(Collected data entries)
"""

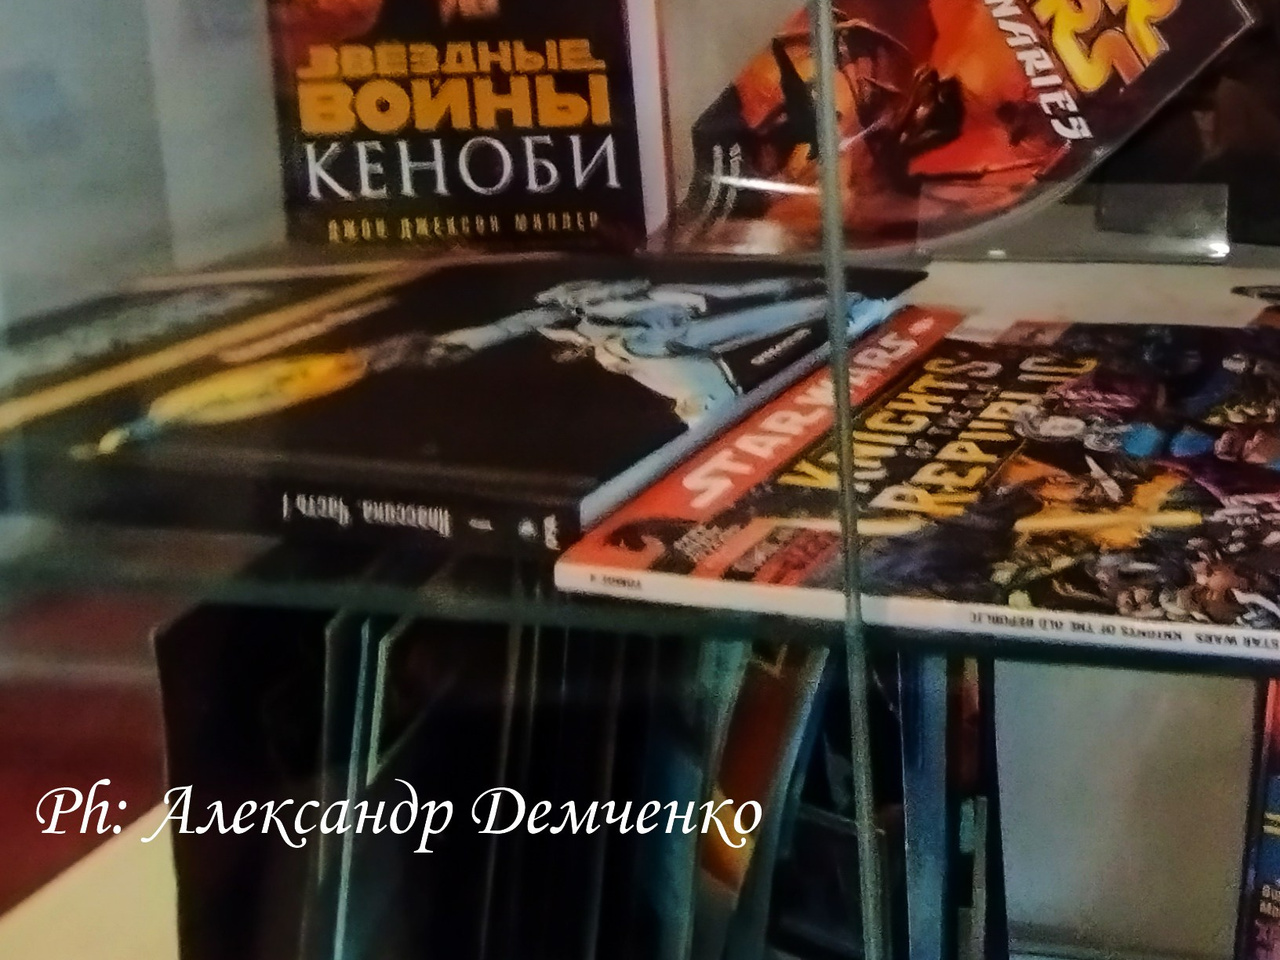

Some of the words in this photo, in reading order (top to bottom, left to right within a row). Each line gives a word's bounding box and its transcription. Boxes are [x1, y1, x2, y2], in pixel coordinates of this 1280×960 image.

[298, 74, 612, 133] ВОЙНЫ
[306, 133, 623, 201] КЕНОБИ
[682, 408, 828, 509] STAR
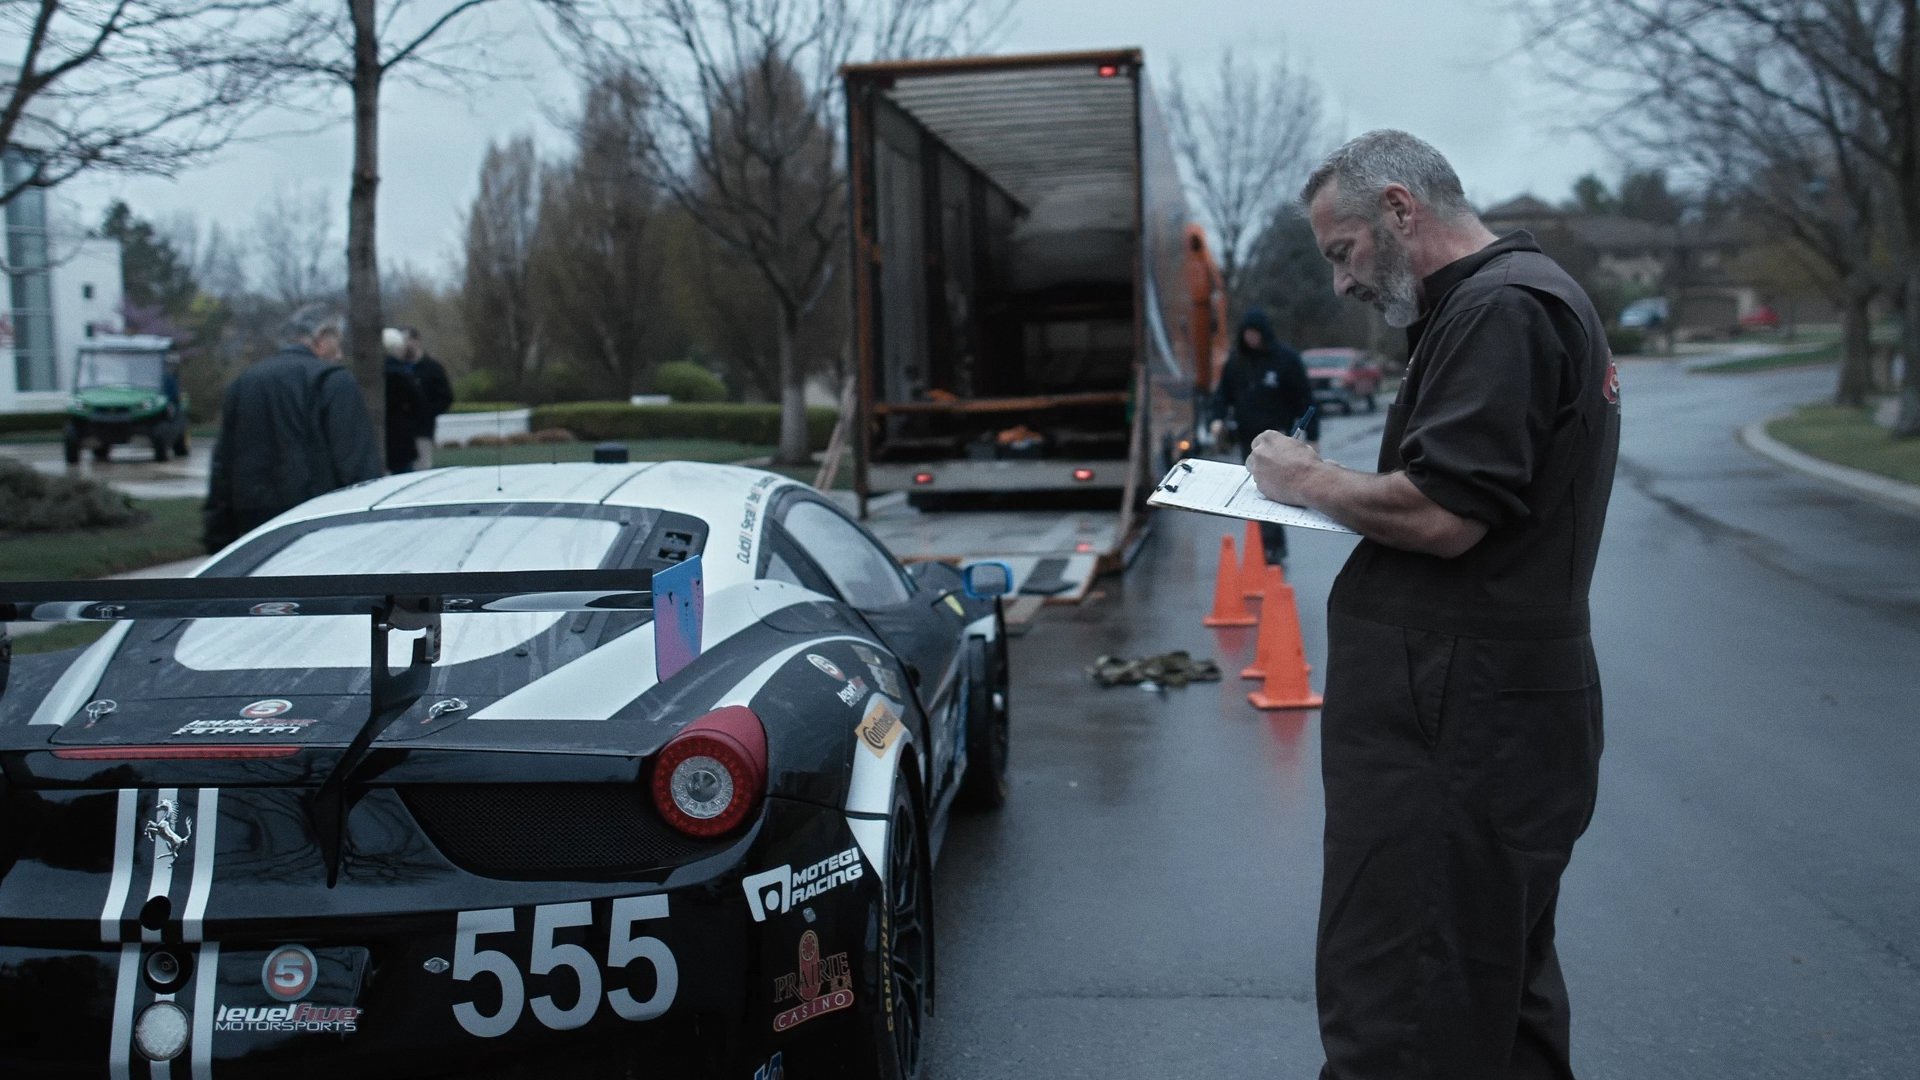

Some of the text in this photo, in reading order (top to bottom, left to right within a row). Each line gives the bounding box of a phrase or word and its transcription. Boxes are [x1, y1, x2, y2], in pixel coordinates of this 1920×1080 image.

[792, 847, 860, 888] MOTEGI
[792, 863, 863, 906] RACING
[274, 958, 305, 988] 5
[452, 893, 679, 1038] 555
[773, 952, 850, 1005] PRAIRIE
[215, 1021, 357, 1032] MOTORSPORTS
[778, 993, 846, 1027] CASINO

"""

PROBLEM DETAILS:
Please return the lines above exactly, with the pictures omitted.

ANSWER TO THE EXERCISE:
Some of the words in this photo, in reading order (top to bottom, left to right within a row). Each line gives a word's bounding box and its transcription. Boxes are [x1, y1, x2, y2], in pixel coordinates of this 1280×960 image.

[298, 74, 612, 133] ВОЙНЫ
[306, 133, 623, 201] КЕНОБИ
[682, 408, 828, 509] STAR

Some of the text in this photo, in reading order (top to bottom, left to right within a row). Each line gives the bounding box of a phrase or word and its transcription. Boxes are [x1, y1, x2, y2], in pixel coordinates of this 1920×1080 image.

[792, 847, 860, 888] MOTEGI
[792, 863, 863, 906] RACING
[274, 958, 305, 988] 5
[452, 893, 679, 1038] 555
[773, 952, 850, 1005] PRAIRIE
[215, 1021, 357, 1032] MOTORSPORTS
[778, 993, 846, 1027] CASINO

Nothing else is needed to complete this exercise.